Brice HORTEFEUX : En aucun cas. J’indique sans ambiguïté qu’il n’y aura aucune décision de régularisation massive. L’Espagne ou l’Italie, qui l’ont pratiquée il y a quelques années, ont d’ailleurs officiellement renoncé à cette politique. Il ne peut y avoir qu’un examen au cas par cas en fonction de la réalité d’un contrat de travail, de la situation de l’emploi dans un secteur en tension, dans une zone géographique particulière. Il n’y a là ni improvisation, ni débordement. La loi que j’ai fait voter prévoit d’ailleurs de permettre à titre exceptionnel la possibilité de régulariser au cas par cas dans des secteurs connaissant de graves pénuries de main-d’œuvre. Cette loi s’applique donc.
Ces chiffres n’en restent pas moins impressionnants…

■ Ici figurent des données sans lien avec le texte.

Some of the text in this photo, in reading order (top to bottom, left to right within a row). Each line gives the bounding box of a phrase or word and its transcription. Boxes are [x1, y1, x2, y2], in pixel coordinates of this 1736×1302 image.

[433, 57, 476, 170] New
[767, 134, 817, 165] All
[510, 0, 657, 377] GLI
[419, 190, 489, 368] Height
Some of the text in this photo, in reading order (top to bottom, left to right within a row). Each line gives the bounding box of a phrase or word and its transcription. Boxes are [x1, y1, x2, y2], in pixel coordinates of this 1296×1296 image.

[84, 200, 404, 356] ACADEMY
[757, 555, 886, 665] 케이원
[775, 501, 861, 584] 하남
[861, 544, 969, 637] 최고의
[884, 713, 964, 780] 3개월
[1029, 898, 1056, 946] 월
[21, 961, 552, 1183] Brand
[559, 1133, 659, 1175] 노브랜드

Je ne pense pas qu’ils correspondent à une réalité. Certains patrons, heureusement pas la majorité, ont choisi un temps la facilité en recrutant à bon compte des clandestins car ils ne bénéficiaient pas de droits syndicaux, ni du salaire minimum. D’autres se sont peut-être laissé abuser. Mais aujourd’hui ce n’est plus possible.

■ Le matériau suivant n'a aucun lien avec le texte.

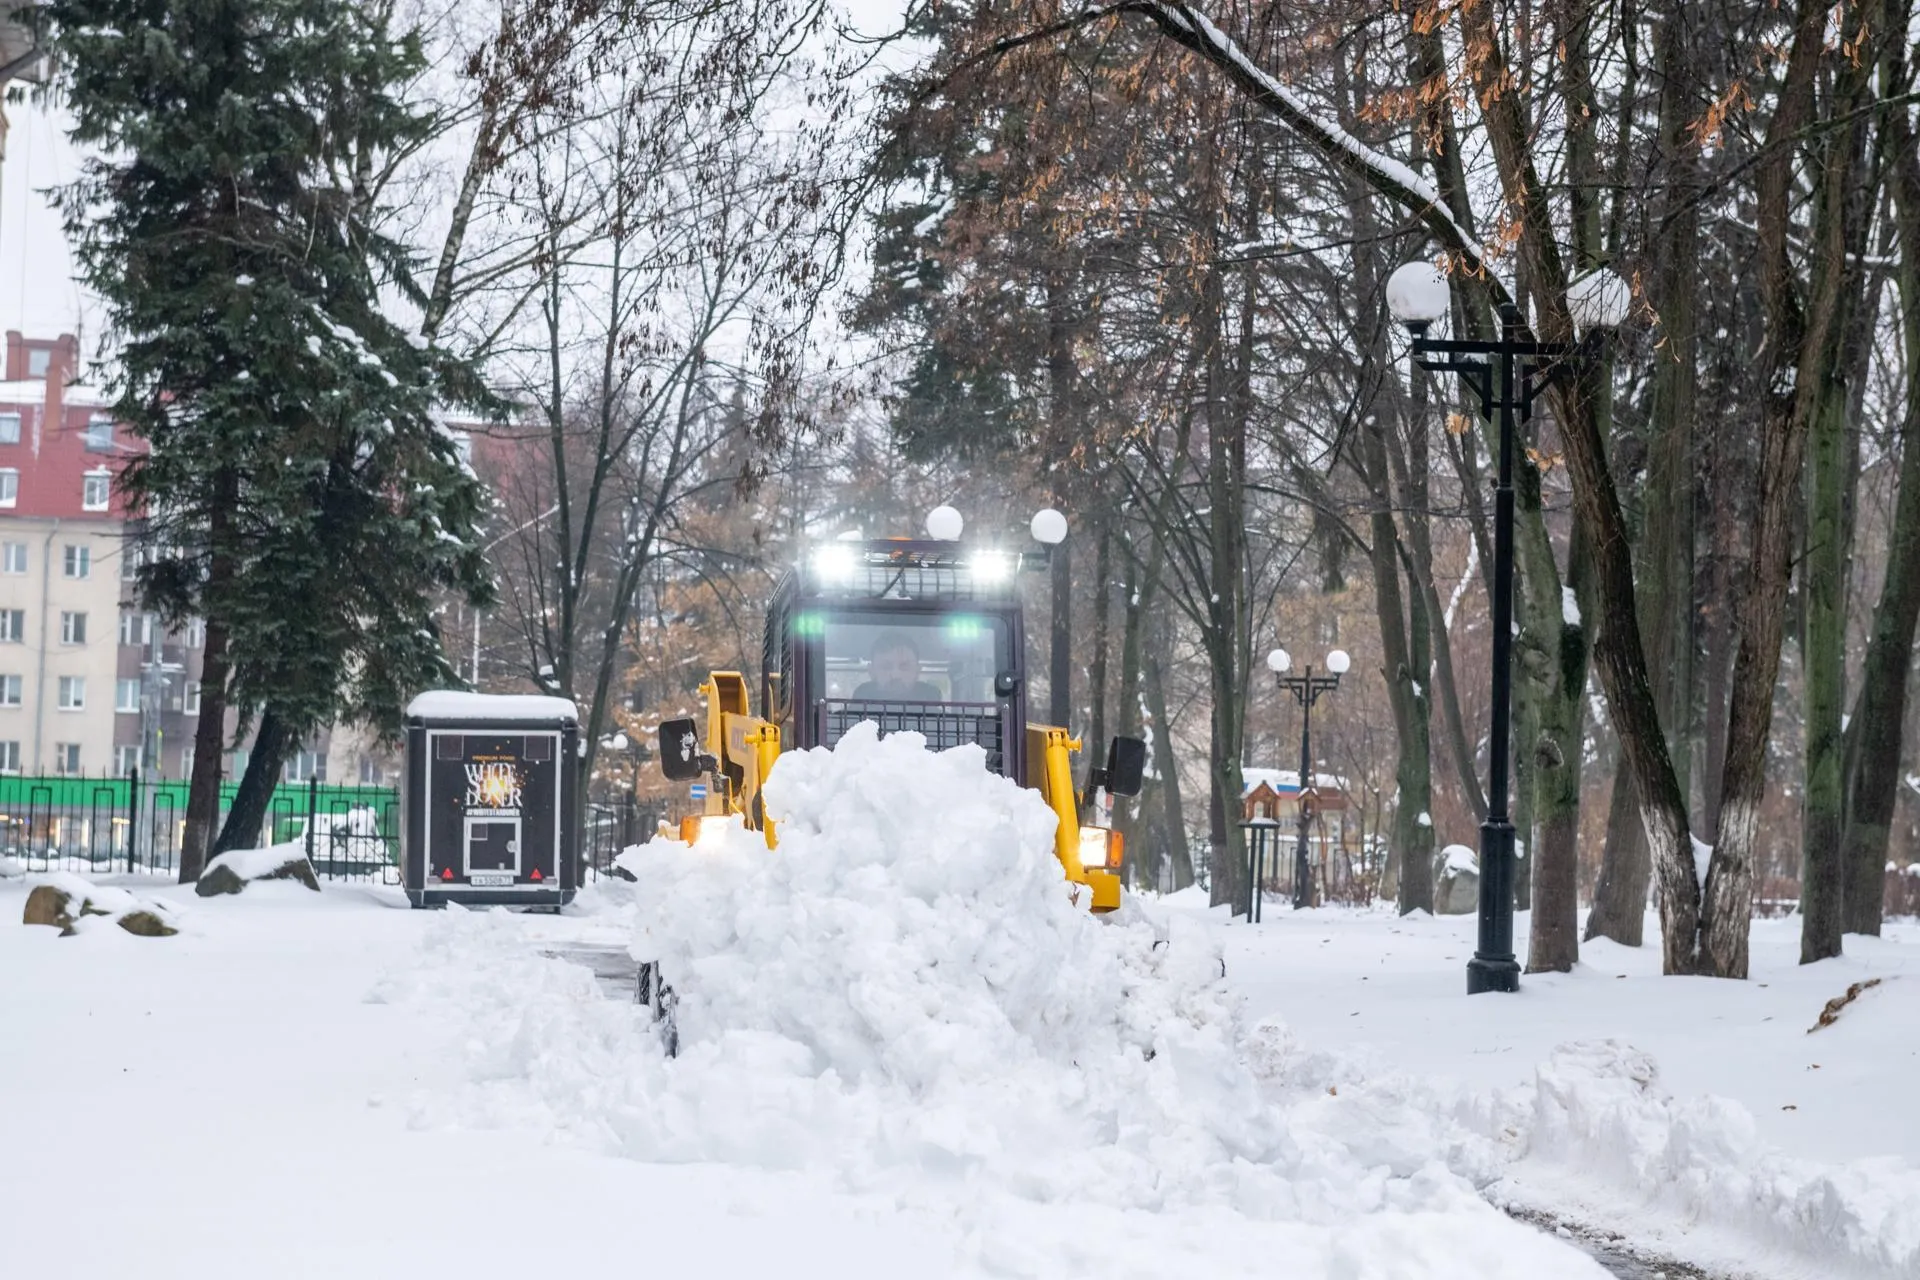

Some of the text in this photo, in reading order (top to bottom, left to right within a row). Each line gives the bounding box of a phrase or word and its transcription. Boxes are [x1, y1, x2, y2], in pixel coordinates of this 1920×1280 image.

[464, 762, 517, 783] WHITE
[467, 777, 514, 796] STAR
[465, 788, 523, 808] DONER

Comment pouvez-vous l’affirmer ?
Depuis le 1er juillet dernier, les employeurs sont tenus de vérifier auprès des préfectures la situation des personnes qu’ils souhaitent embaucher. L’administration doit leur répondre dans les 48 heures. A Paris, le préfet a ainsi enregistré 62 635 demandes et a recensé 10% de fraudes, c’est-à -dire principalement faux titres de séjour ou vrai document mais photographie falsifiée…
Marine LE PEN accuse même le gouvernement de « mollesse » et de « complaisance ». N’être vous pas entrain de lâcher du lest dans votre politique de fermeté ?

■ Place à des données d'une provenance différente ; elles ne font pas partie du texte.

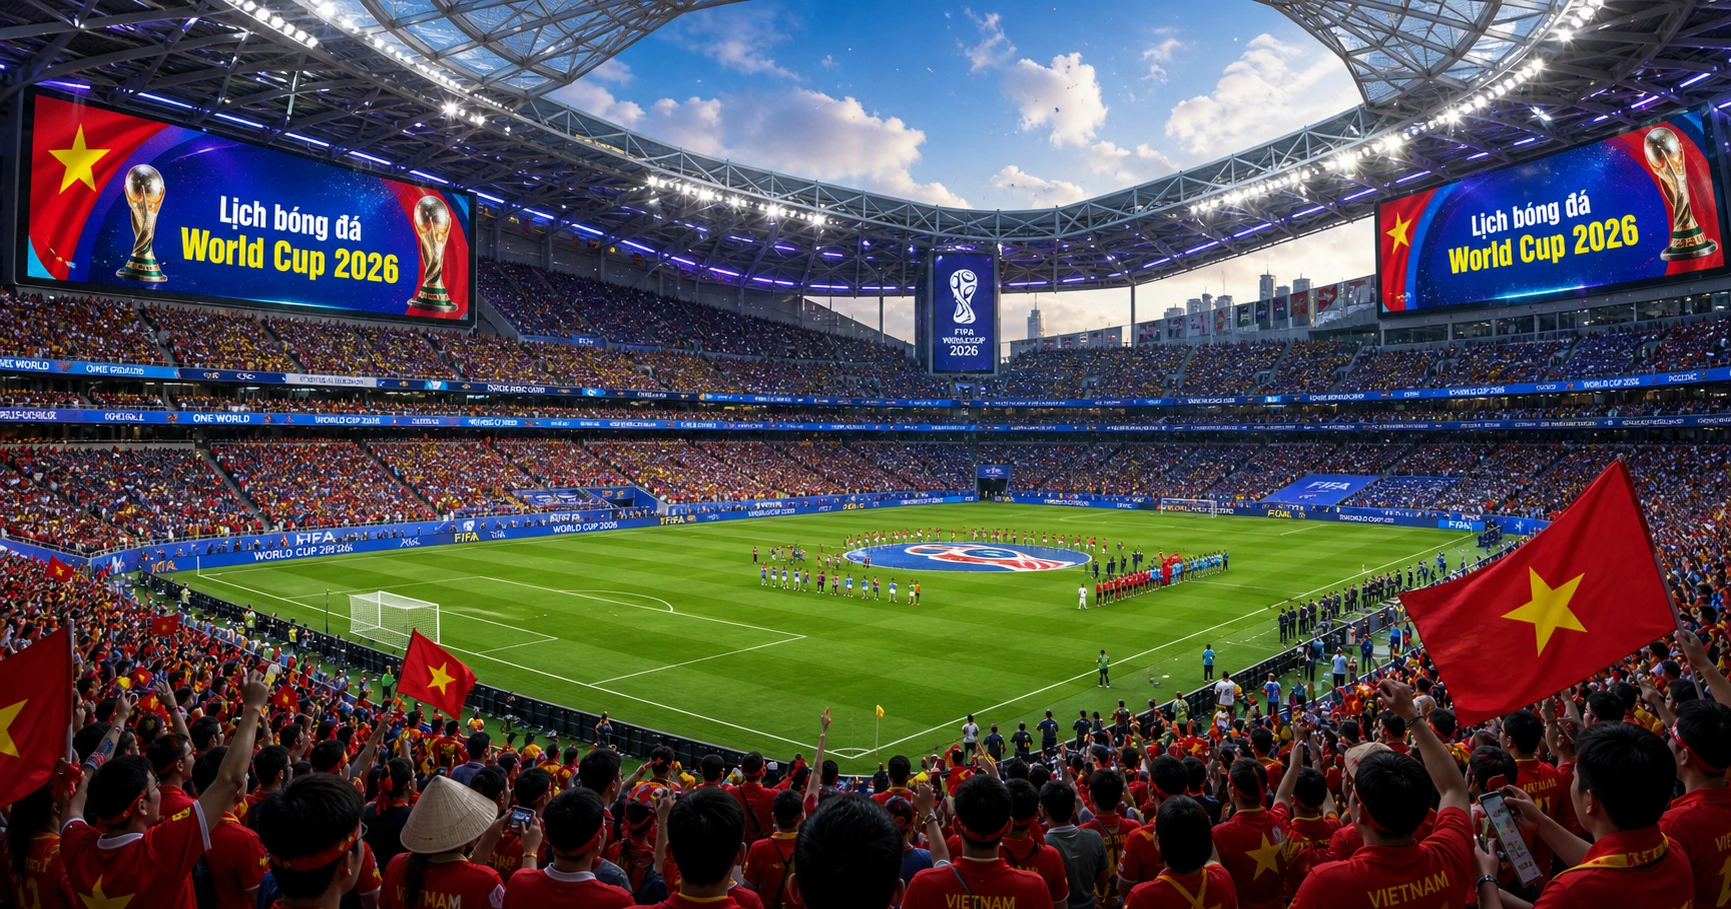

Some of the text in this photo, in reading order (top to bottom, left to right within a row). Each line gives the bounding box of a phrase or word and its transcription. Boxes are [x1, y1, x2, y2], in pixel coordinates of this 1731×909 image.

[219, 195, 362, 242] Lịch bóng đá
[1471, 189, 1591, 242] Lịch bóng đá
[181, 226, 399, 284] World Cup 2026
[1448, 215, 1639, 275] World Cup 2026
[950, 345, 979, 356] 2026
[193, 413, 250, 423] ONE WORLD
[454, 531, 480, 544] FIFA
[254, 549, 293, 561] WORLD
[296, 546, 317, 557] CUP
[945, 893, 1016, 909] VIETNAM
[1367, 870, 1450, 909] VIETNAM

Ces accusations fantaisistes montrent une totale méconnaissance des chiffres. Nous poursuivons notre politique de fermeté, de justice et d’équilibre. En 2007, le nombre de clandestins a baissé de 6%. Cela ne s’était pas produit depuis une génération. Depuis 2002, ce sont quelque 110 000 sans papiers qui ont été reconduits chez eux. Au premier trimestre 2008, le nombre des éloignements est en forte progression avec plus du tiers de retours volontaires, contre moins de 7% auparavant. Les patrons fraudeurs ne sont pas épargnés. En 2007, 1688 ont été interpellés pour avoir employé des clandestins, un chiffre en hausse de 40%. J’observe également que conformément à nos engagements, l’immigration familiale a baissé de 12% en 2007 par rapport à 2006. Sur la même période, l’immigration professionnelle a, elle, cru de 20%. En 2008, le phénomène s’amplifie avec une progression de 27%. C’est donc très exactement la politique pour laquelle le Président de la République a été élu qui est engagée et qui donne ses premiers résultats incontestables.
Faut-il y voir alors une relance massive de l’immigration de travail ?
Pas du tout. Si mon souci est de répondre aux besoins des secteurs en pénurie de main-d’œuvre comme les travaux publics ou la restauration, j’ai aussi le devoir d’accompagner l’ensemble de la communauté nationale vers l’emploi. Comment des patrons ou des syndicats peuvent-ils me demander de donner une prime à l’illégalité ? Dois-je laisser sur le bord de la route des étrangers qui ont fait l’effort d’entrer légalement sur le territoire, de satisfaire au parcours d’intégration ? Faut-il sacrifier leurs enfants nés ici ? Lorsque je regarde les chiffres, je constate que si le taux de chômage est désormais passé sous la barre des 8%, celui des étrangers en situation légale est encore supérieur à 20%. En Seine-Saint-Denis, département concerné par les demandes de régularisations, sur 65 000 inscrits à l’ANPE, 21 000 sont des étrangers en situation régulière…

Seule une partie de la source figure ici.